California Pier Report — June 2015
Southern California

San Diego County Piers


Imperial Beach Pier – Still looking for a reporter for this pier. How To Get There: From I-5 take the Palm Ave. (Hwy. 75) exit and follow it to where Palm Ave. and Hwy. 75 divide. Follow Palm Ave. to Seacoast Dr., turn left and it will take you right to the pier.

Ocean Beach Pier — Robert, at the pier’s bait shop, reports that fishing is showing some improvement. Mainly it’s the normal species, a few mackerel, bass and croakers. A large spider crab was taken along with a good-sized bat ray and a few, very few, bonito. There was also a report of a yellowtail being caught but he did not see the fish or a picture of it so it’s just a rumor. How To Get There: From the north, take I-5 to the Sea World Dr. exit and follow it until it turns off to Sunset Cliffs Blvd. From the south, take I- 5 to the Nimitz Blvd. exit, then follow that road to Sunset Cliffs Blvd. Follow Sunset Cliffs Blvd. to Newport Ave., turn right and follow the road to the pier parking lot.

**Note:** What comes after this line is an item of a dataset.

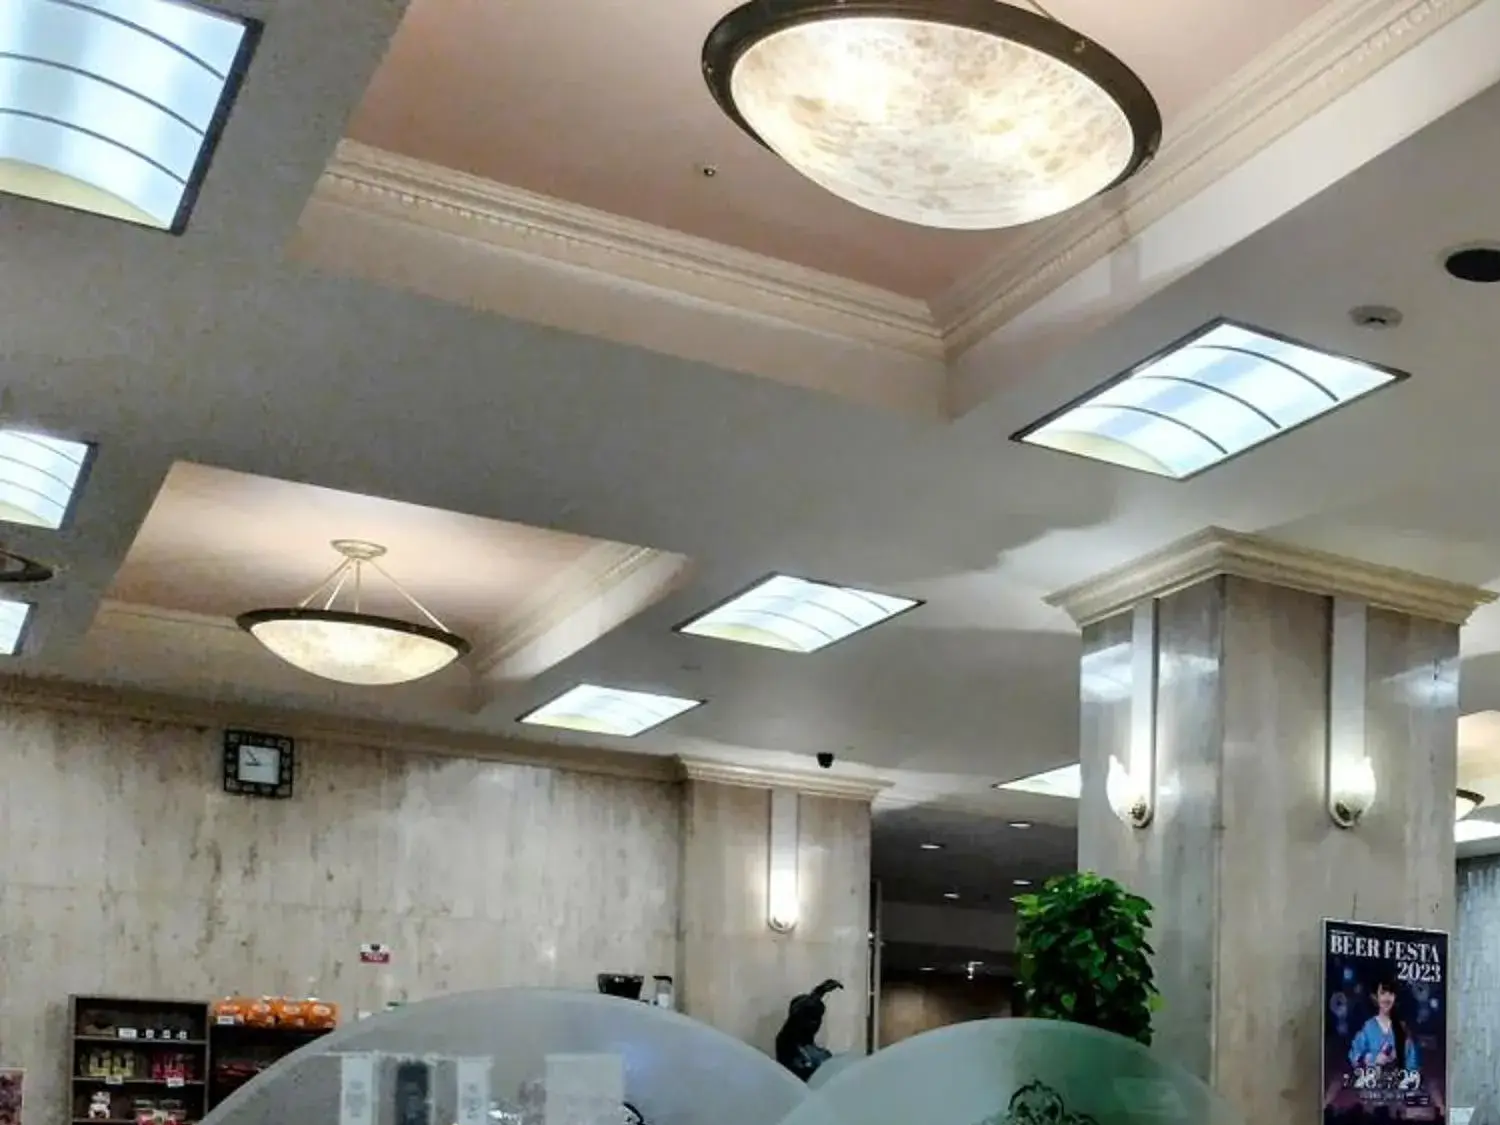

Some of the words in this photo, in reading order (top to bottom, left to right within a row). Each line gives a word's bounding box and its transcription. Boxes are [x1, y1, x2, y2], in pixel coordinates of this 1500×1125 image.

Crystal Pier – Pamela, at the pier’s bait shop, reports that the fishing is slow (and she keeps waiting for it to pick up). Most of the action has been on mackerel (that are in and out) along with small perch (walleyes?). Nothing else. How To get There: Take I-5 to Garnet Ave. then take Garnet west to the foot of the pier.

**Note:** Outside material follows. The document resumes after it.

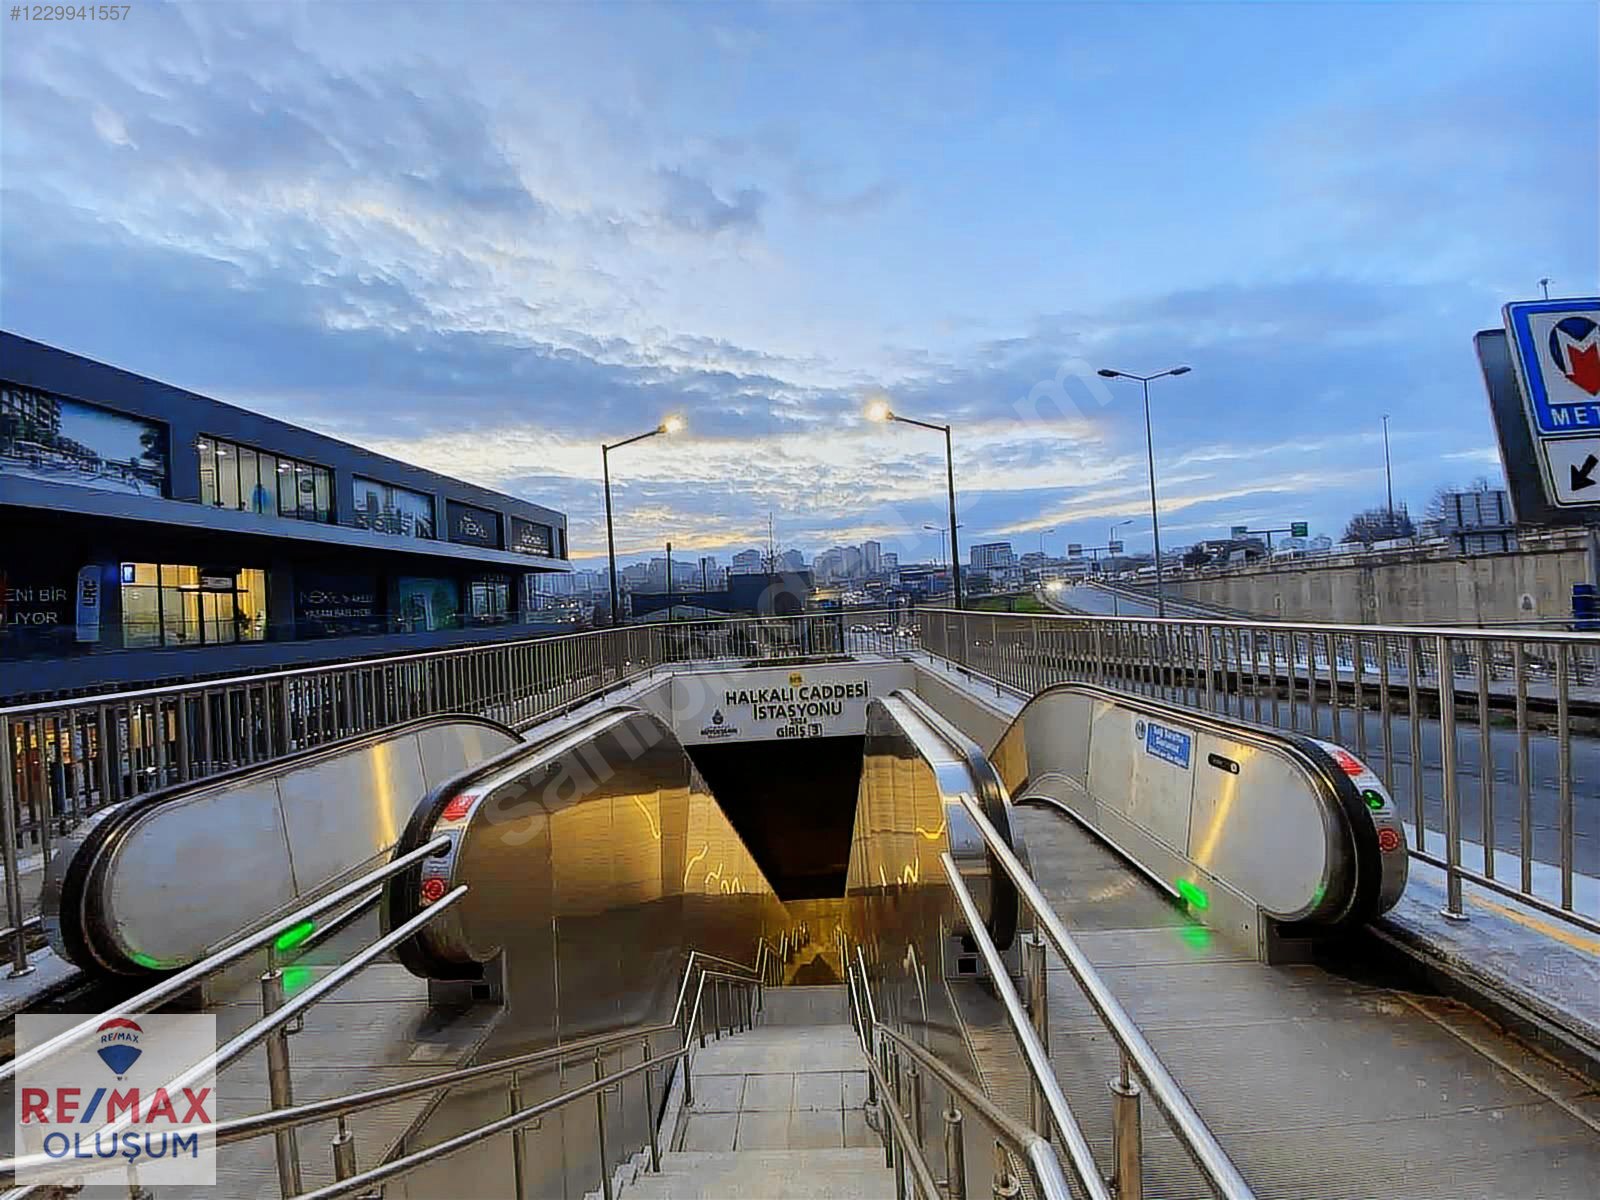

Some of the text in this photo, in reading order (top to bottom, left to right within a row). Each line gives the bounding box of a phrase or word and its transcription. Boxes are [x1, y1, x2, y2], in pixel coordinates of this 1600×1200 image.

[725, 680, 868, 705] HALKALI CADDESİ
[753, 701, 843, 720] İSTASYONU
[776, 724, 806, 738] GİRİŞ

Pepper Park Pier — No report, need a reporter. How To Get There: From I-5 take the 24th Street off-ramp west to Tidelands Avenue and go left (south) on Tidelands to the end.

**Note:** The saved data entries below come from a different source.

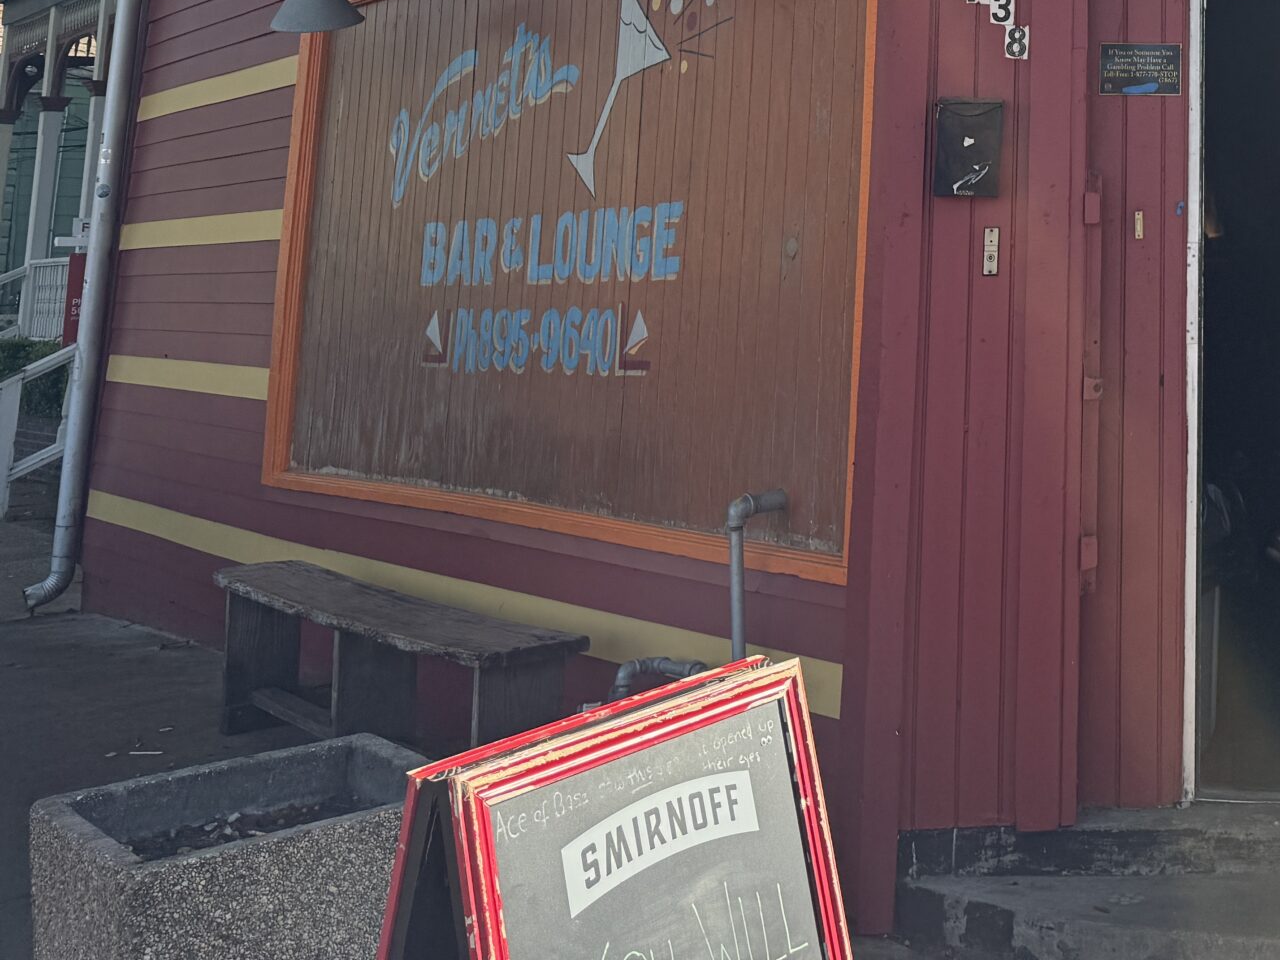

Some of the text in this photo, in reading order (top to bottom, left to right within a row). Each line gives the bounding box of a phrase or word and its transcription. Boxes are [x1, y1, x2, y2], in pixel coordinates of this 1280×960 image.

[420, 217, 498, 286] BAR
[526, 201, 685, 285] LOUNGE
[497, 809, 528, 843] Ace
[533, 799, 550, 828] of
[713, 721, 753, 755] opened
[758, 719, 774, 734] up
[702, 751, 760, 772] their eyes
[580, 783, 739, 890] SMIRNOFF

Bayside Park Pier — No report, need a reporter. How To Get There: From I-5 take the J Street off ramp and go west. Take J Street to Tidelands Ave., turn right. Take Tidelands to Sandpiper Way, turn right. Take Sandpiper to Bayside Parkway, urn left and follow the road to the park.

Embarcadero Marina Pier — No report, need a reporter. How To Get There: From the I-5 south, take the Front Street exit south to Market (just stay on Front Street, it runs into Market), take Market west to Harbor Dr. Turn left on Harbor Dr. and take it to 8th Ave., turn right onto Convention Way (formerly Harbor St.). Follow it a short block to 5th Ave. and the pier. It seems that with the new Convention Center the city is constantly working on these streets near the pier and renaming them; if you get confused remember that the park and pier are immediately to the southwest of the Convention Center. From I-5 North, approaching from the south, take the J Street exit, then go straight, three blocks up to Market, turn left and take it from there.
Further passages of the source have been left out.